MATERIAL PROVIDED Block Start

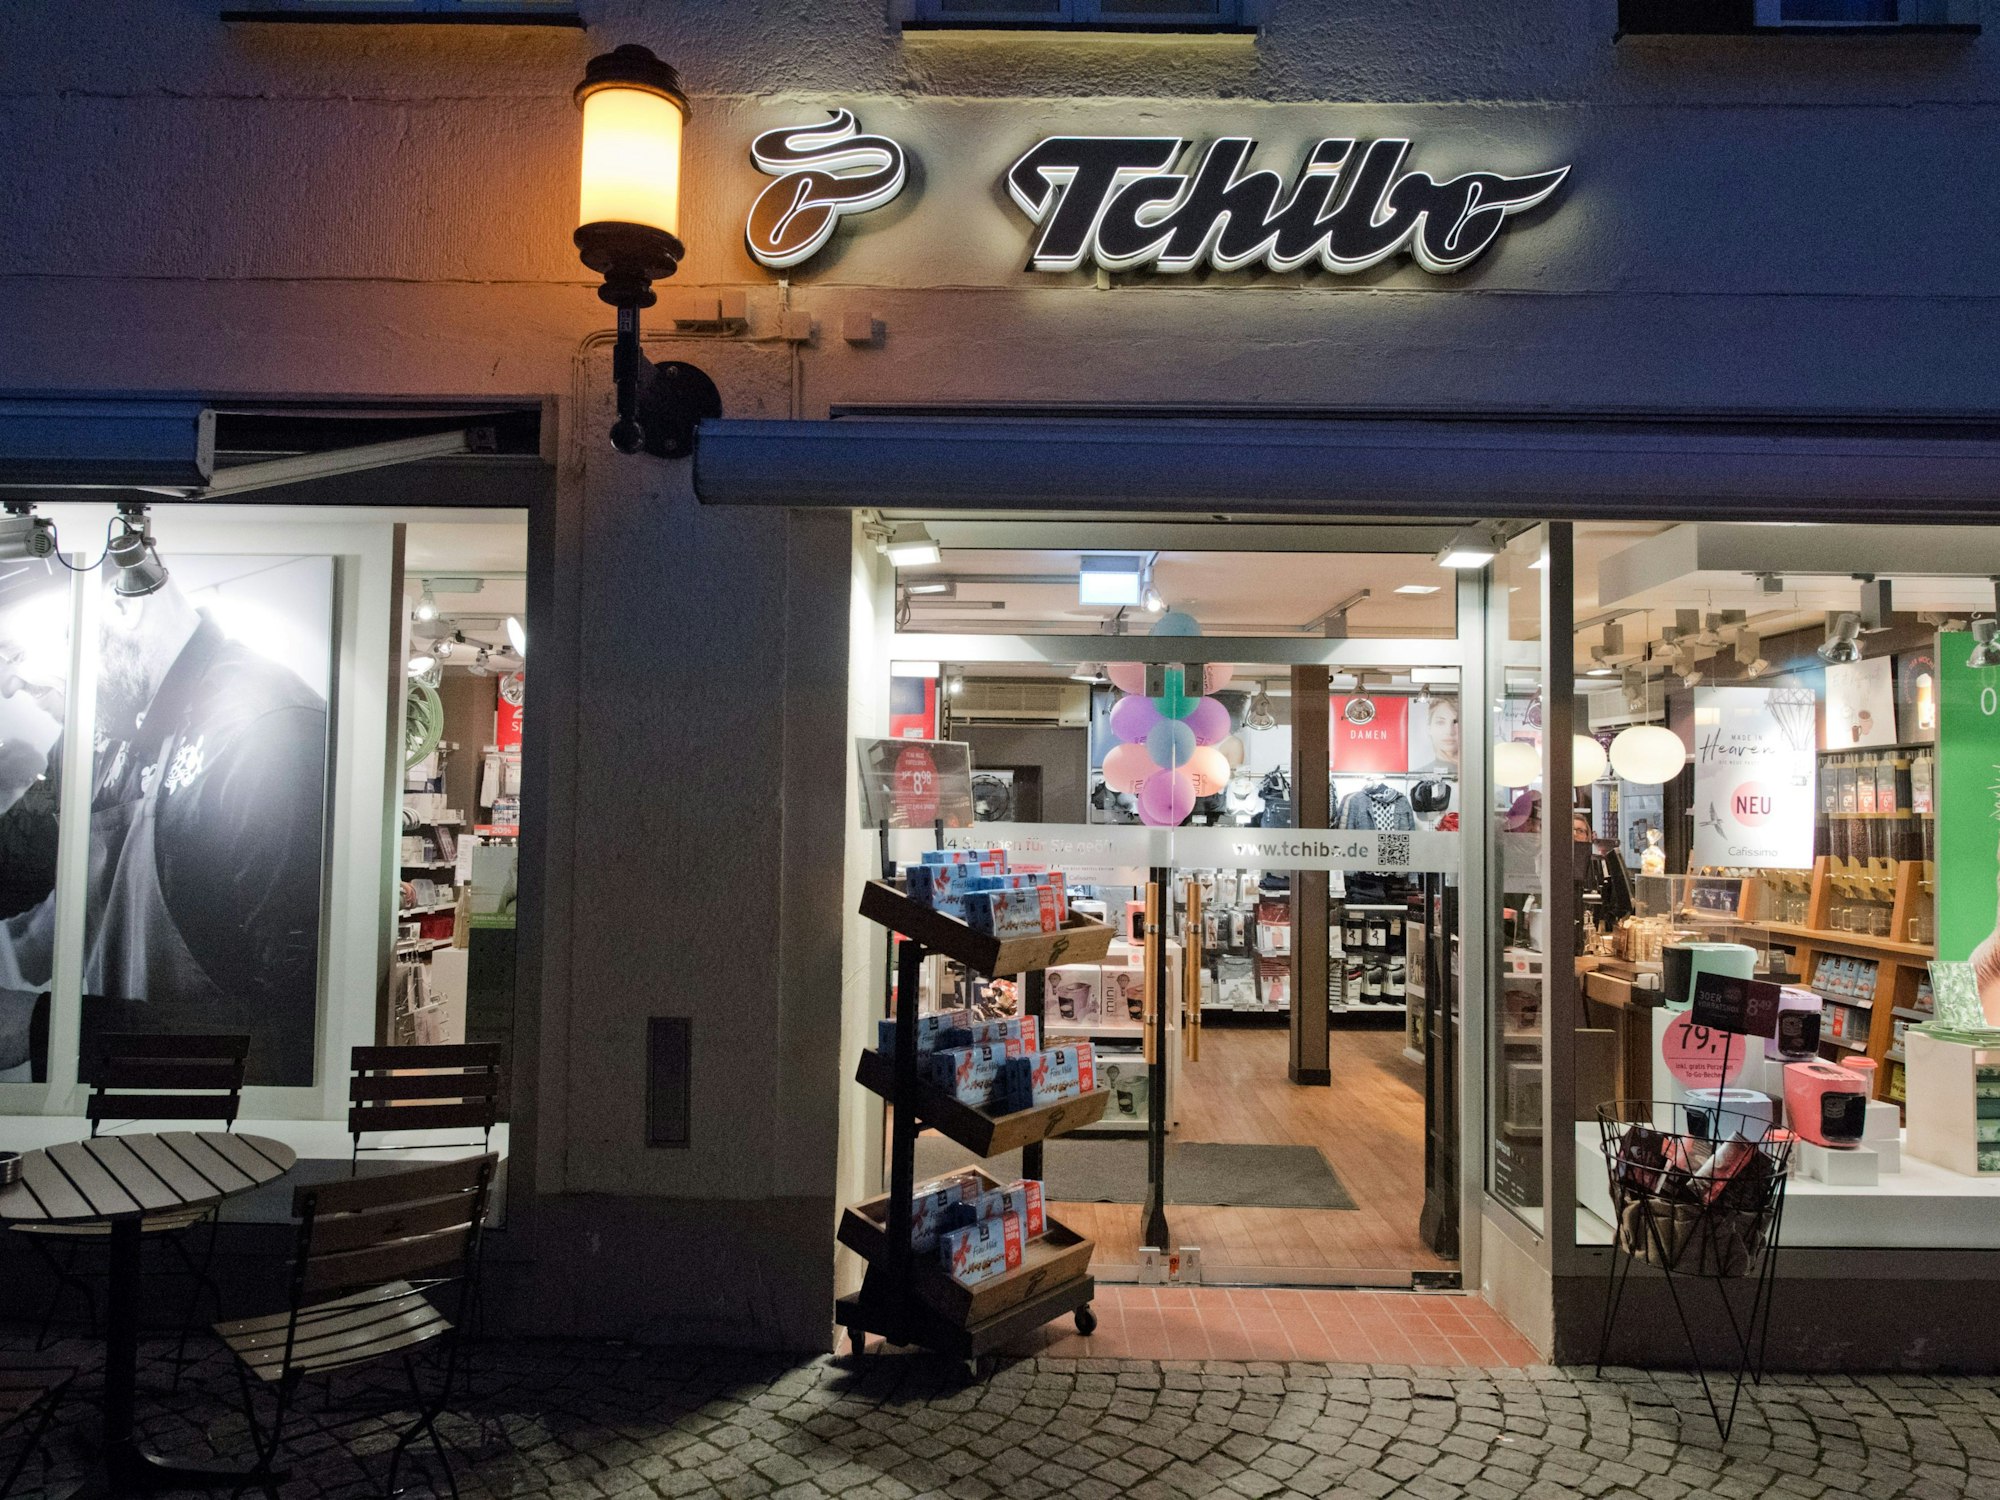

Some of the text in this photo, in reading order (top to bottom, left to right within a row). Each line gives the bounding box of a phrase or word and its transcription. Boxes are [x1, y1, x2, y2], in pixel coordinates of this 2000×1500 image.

[1008, 135, 1572, 275] Tchibo
[1349, 729, 1387, 741] DAMEN
[1699, 727, 1775, 764] Heaven
[1736, 796, 1771, 815] NEU
[1231, 841, 1369, 858] www.tchibo.de
[1728, 846, 1778, 857] Cafissimo
[1689, 1063, 1706, 1071] gratis

MATERIAL PROVIDED Block End

- WHAT IS EXPECTED -
Once the pictures are set aside, restate the remaining data above exactly.

- EXPECTED ANSWER -
Some of the text in this photo, in reading order (top to bottom, left to right within a row). Each line gives the bounding box of a phrase or word and its transcription. Boxes are [x1, y1, x2, y2], in pixel coordinates of this 2000×1500 image.

[1008, 135, 1572, 275] Tchibo
[1349, 729, 1387, 741] DAMEN
[1699, 727, 1775, 764] Heaven
[1736, 796, 1771, 815] NEU
[1231, 841, 1369, 858] www.tchibo.de
[1728, 846, 1778, 857] Cafissimo
[1689, 1063, 1706, 1071] gratis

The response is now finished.